İspanya’ya gelirken kafamda hesaplar yapıyordum: 6 ayda İspanyolca’yı kem küm, 1 senede ise ana dilim gibi konuşurum diyordum. Evdeki hesap çarşıya uymadı. Aslında ofiste geçen yaklaşık 6 aylık süreç ve ilk İspanyolca kursu süresince fena değildi. Ofiste İspanyolca konuşmalara maruz kalıyordum ve temel seviye İspanyolca’yı hakkaniyetle kapmıştım. Tabii o dönem İspanyolca önceliğim bile değildi. Benim için İngilizce daha kritik bir öneme sahipti. Hatta İngilizce konuşabilmek, İspanyolca öğrenme gereksinimimi de öldürüyordu. Sıkıştığım zaman insanlara hablas ingles? deyip konfor alanına, İngilizce’ye, dönmek günü kurtarıyordu..

Sonraaaa pandemi geldi 🙂 Kurs çevrimiçi oldu ve verimsiz bir şekle büründü. Artık ofis yoktu ve etrafımda İspanyolca konuşan birileri kalmamıştı. Pandemi başladığından beri İspanyolca konuşmak zorunda olduğum yer neredeyse kalmadı gibi bir şey. Şirkette %100 İngilizce. Süpermarket ve restoranlarda işimi halledecek kadar İspanyolca zaten var. İspanyol arkadaşlarla buluşsak yine İngilizce konuşuyoruz. Diğer yandan eğer işi, siz İspanyolca konuşurken sabırla dinleyecek birisi yoksa, İspanyolca konuşmayı denemek anlamsız oluyor. İşte bazen Zoom’da havadan sudan muhabbeti İspanyolca açardım ama karşımdakiler genelde İngilizce cevap verirdi. Sanırım onlar da muhabbetin İspanyolca ilerlemeyeceğini bilip, uğraşmak istemiyorlardı.

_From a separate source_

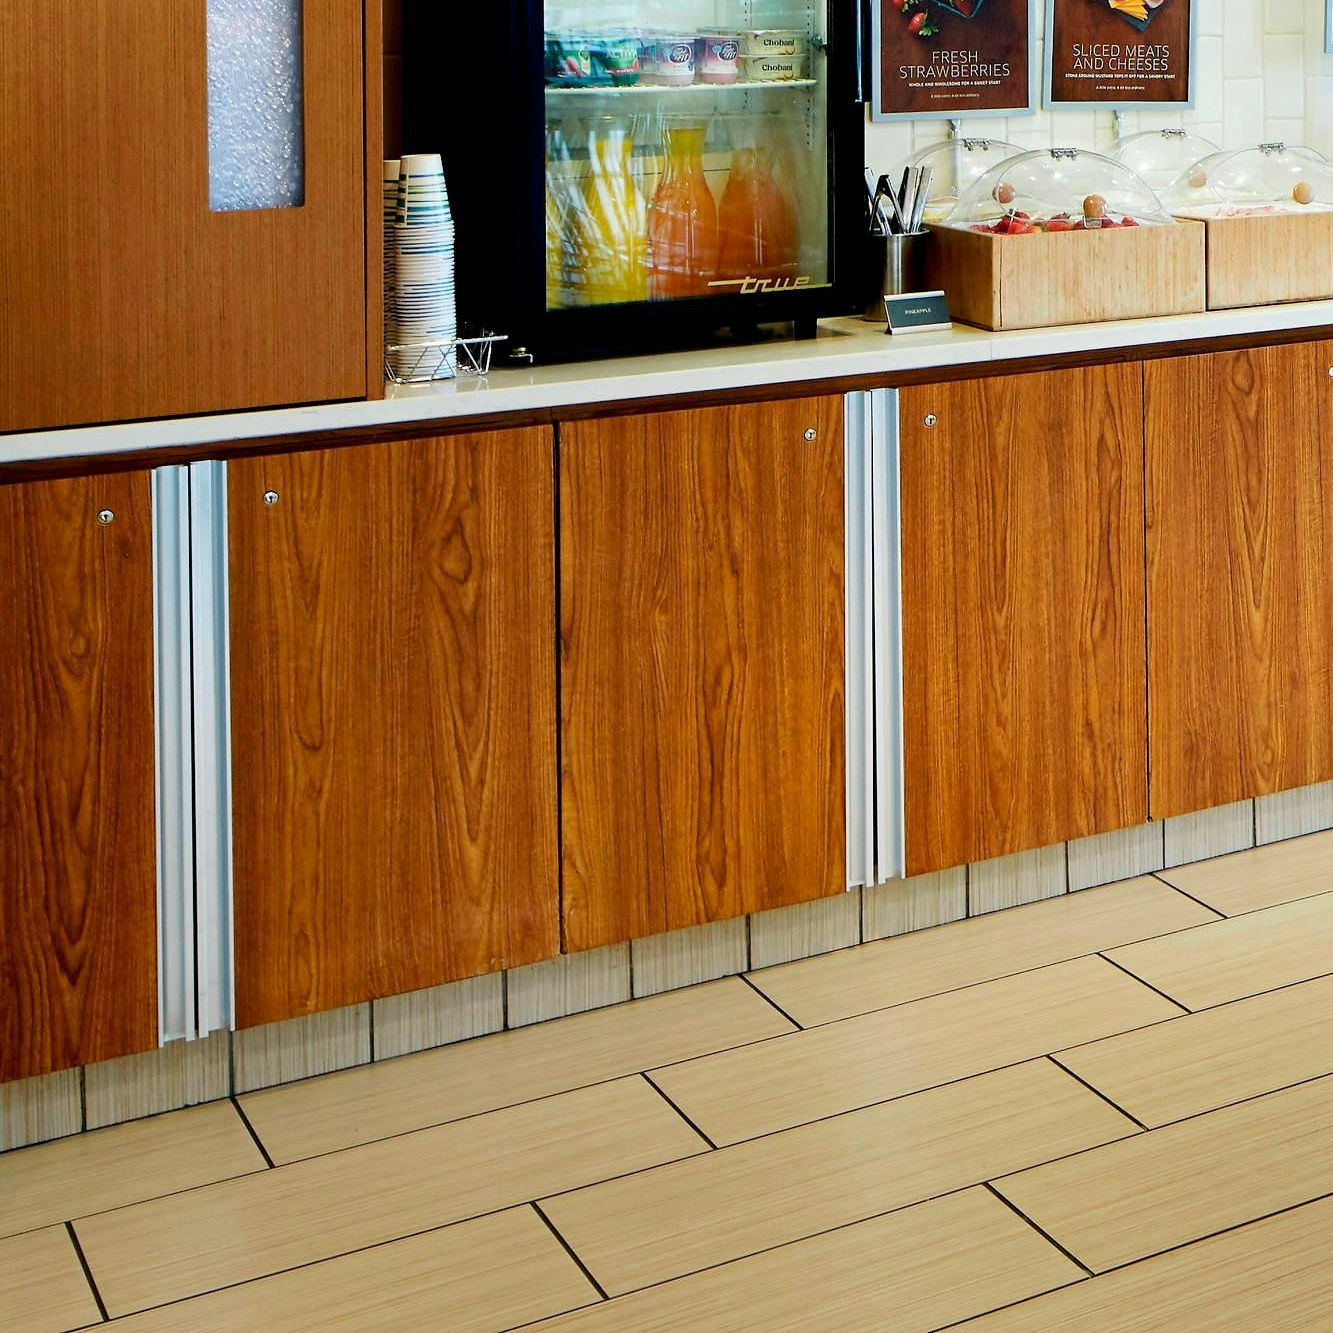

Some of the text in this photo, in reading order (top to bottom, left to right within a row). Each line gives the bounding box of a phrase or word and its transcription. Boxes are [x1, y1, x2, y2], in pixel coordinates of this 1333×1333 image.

Sonuç olarak gördüğünüz gibi 4 sene yaşayıp dili doğru düzgün öğrenememek gayet mümkün! Kursuma kayıt olup siz de başarabiliahfahfjs. E öğrenmek için ne lazım derseniz, bence öğrenmek için çok ama çok net bir motivasyon/zorunluluk olması şart. İş ortamında İspanyolca konuşulmaması, eşimin İspanyolca’yı daha iyi öğrenmesi ve ailemizin tercümanlığını yapması, İngilizce konuşabilmek beni İspanyolca öğrenmekten dolaylı olarak alıkoydu. İkinci olarak ise gördüğüm kadarıyla partnerinin anadili İspanyolca olanlar dili en hızlı ve en iyi kapanlar oluyor.

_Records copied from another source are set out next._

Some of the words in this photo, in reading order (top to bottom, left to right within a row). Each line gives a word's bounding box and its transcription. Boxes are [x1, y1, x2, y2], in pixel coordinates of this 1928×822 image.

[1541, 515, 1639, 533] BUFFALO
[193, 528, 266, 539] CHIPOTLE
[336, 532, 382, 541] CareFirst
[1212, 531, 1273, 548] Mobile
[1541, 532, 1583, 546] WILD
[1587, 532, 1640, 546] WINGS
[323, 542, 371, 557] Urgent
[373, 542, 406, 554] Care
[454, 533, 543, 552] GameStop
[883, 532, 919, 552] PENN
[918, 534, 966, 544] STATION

Kıyaslamalar ve falan filan

Geçen yazıda olduğu gibi iyi şeyler kötü şeyler vs bir şey yazmak istemedim. Öyle aklıma gelen konularda kıyaslama yapıp ahkam kestim..

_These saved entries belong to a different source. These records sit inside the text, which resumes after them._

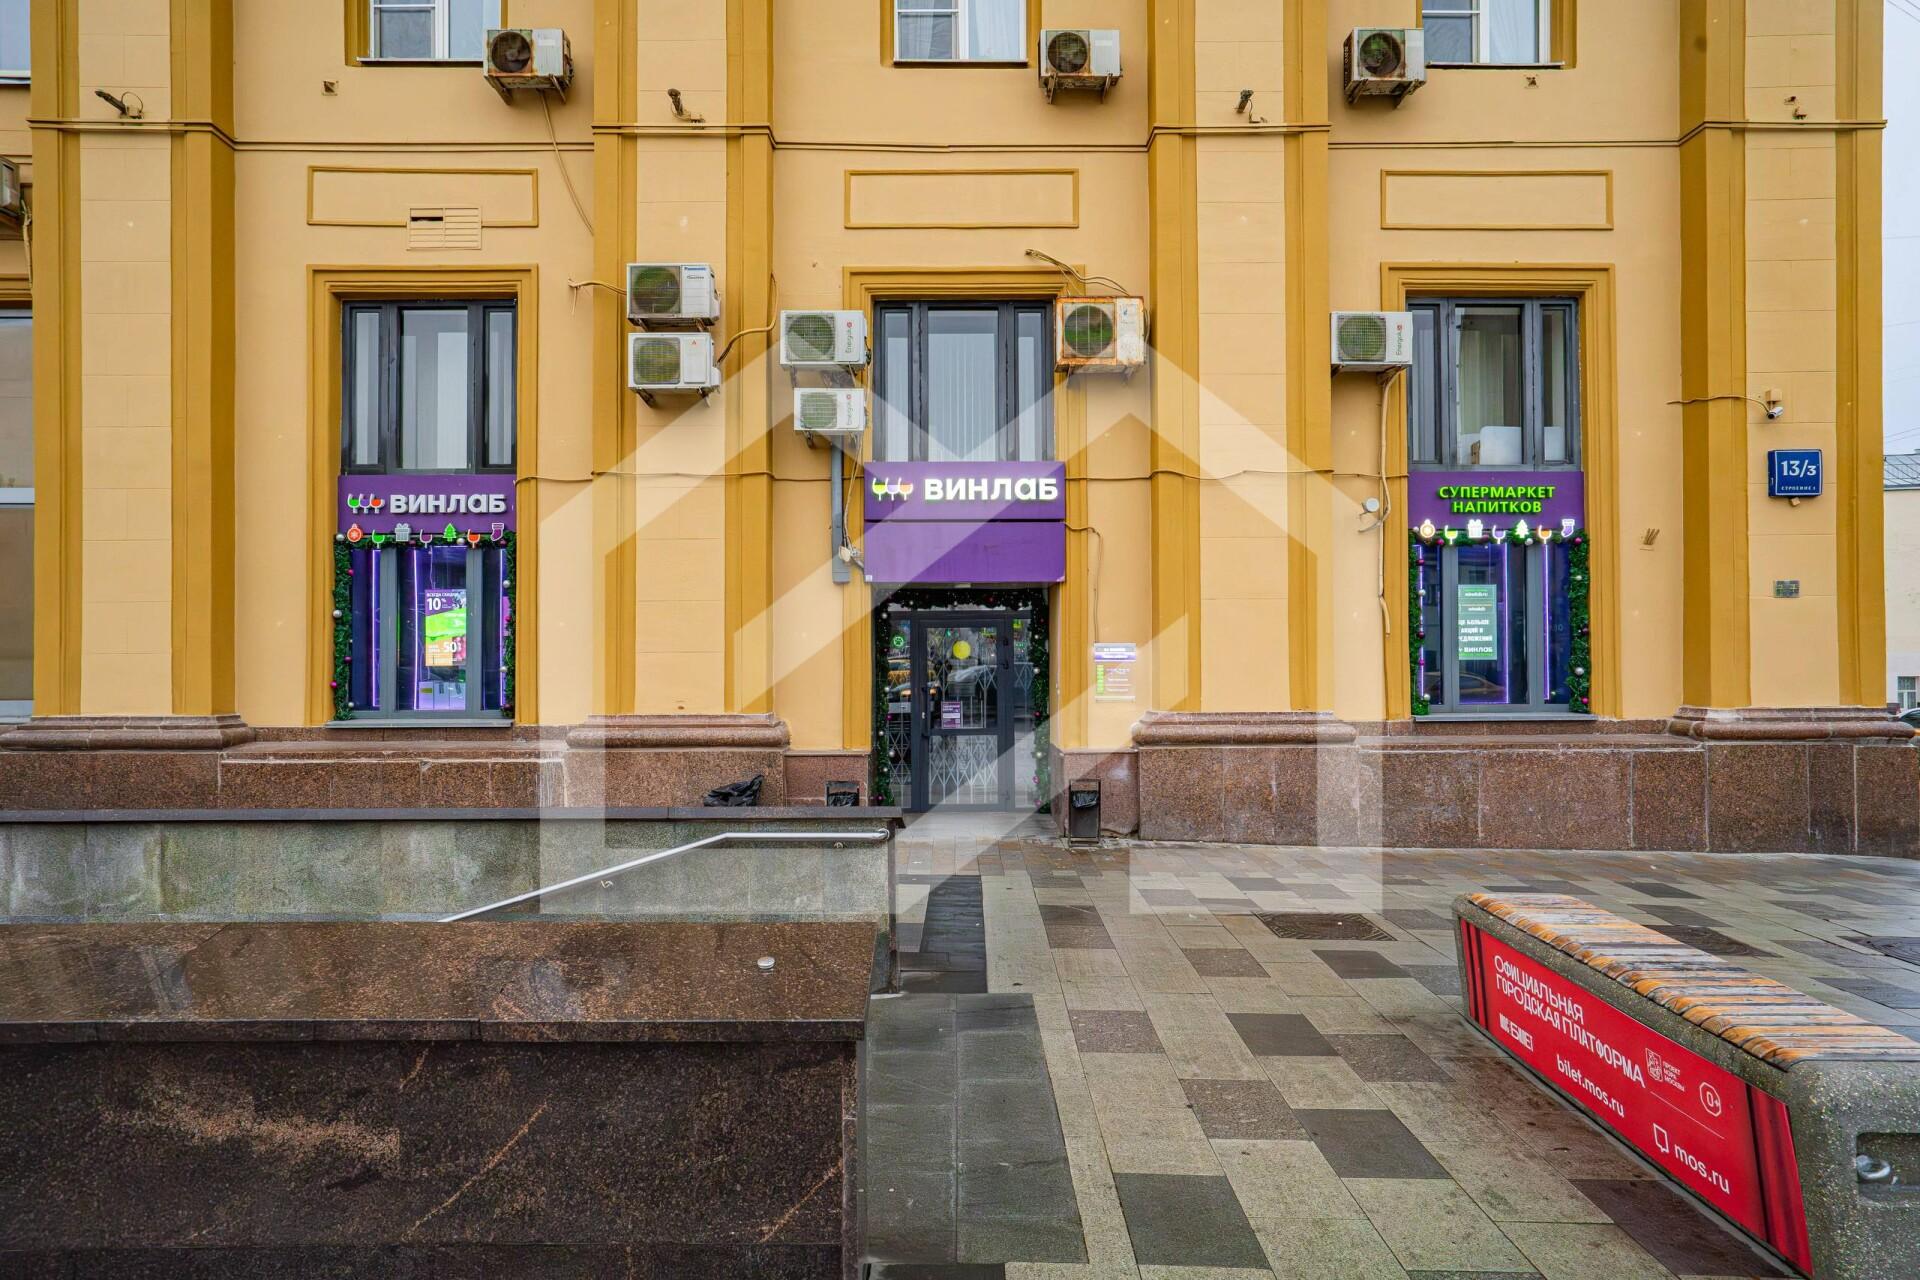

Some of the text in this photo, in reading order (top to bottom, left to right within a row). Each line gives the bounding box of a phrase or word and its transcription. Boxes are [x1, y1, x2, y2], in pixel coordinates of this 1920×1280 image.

[1780, 459, 1817, 478] 13/3
[1439, 486, 1555, 499] СУПЕРМАРКЕТ
[1453, 501, 1542, 513] НАПИТКОВ
[1494, 955, 1584, 1025] ОФИЦИАЛЬНАЯ
[1496, 973, 1646, 1089] ГОРОДСКАЯ ПЛАТФОРМА
[1556, 1053, 1625, 1119] bilet.mos.ru
[1705, 1091, 1720, 1108] 0+
[1674, 1143, 1731, 1195] mos.ru

İspanya, insanı, iklimi, yaşam tarzı, ekonomisi ile Türkiye’nin Avrupa’daki idealize edilmiş bir hali gibi. Ekonomi, ırkçılık, kadın cinayetleri, yolsuzluklar.. İspanya’da, Türkiye’de veya dünyanın birçok yerinde sorunlar aynı. Kendimizi gündemden soyutladığımız ölçüde mutlu oluyoruz.

İspanya’da eksikliğini en hissettiğim konulardan birisi sokak yemekleri oluyor. Tahminim hem hijyen hem de vergi sebebiyle İspanya’da sokak yemeği olayı yasak. Gördüğünüz stantlar, araçlar vs hepsi bir şekilde kayıtlı. Ve bu düzen nizam canımı çok sıkıyor! hehehe. Şöyle akşam dışardasınız, mideniz kazınıyor.. Açık restoran yok! Restoran açık olsa mutfak kapalı! E ne yiyecek bu millet? Türkiye’de gece yarılarına kadar yemeğe ulaşabilme lüksü çok ayrı bir şeymiş. Umarım kulağa kuryeler kapımda çarpışıyor minvalinde algılanmaz bu söylem 🙂

İspanya ile ilgili bizi Türkiye’ye kıyasla çatır çatır çatlatan şey ise festivaller ve rahatlık oldu diyebilirim. Daha geldiğim ilk günlerde şahit olduğum Gracia festivalinden sonra biz de niye böyle bir şey yok kıskançlığı katlandı durdu. İspanya’da abuk subuk bir sürü festival, gelenek gördük duyduk. Bir yerde anlıyorsunuz ki Türkiye’de çok ciddiyiz ya. Sanat sanat içindiri başaramadık hadi tamam bari eğlenmek eğlenmek içindiri başarsaydık. Gerçekten ama kendimizi Türkiye’de yargılanmadan, sorgulanmadan, sırf eğlenmek için abuk subuk ve bize ait eğlencelerimiz olsaydı. Olayın burada sadece festival olmadığı anlaşılmıştır herhalde. Bu rahatlık ve hayattan keyif alma yatkınlığından bahsediyorum.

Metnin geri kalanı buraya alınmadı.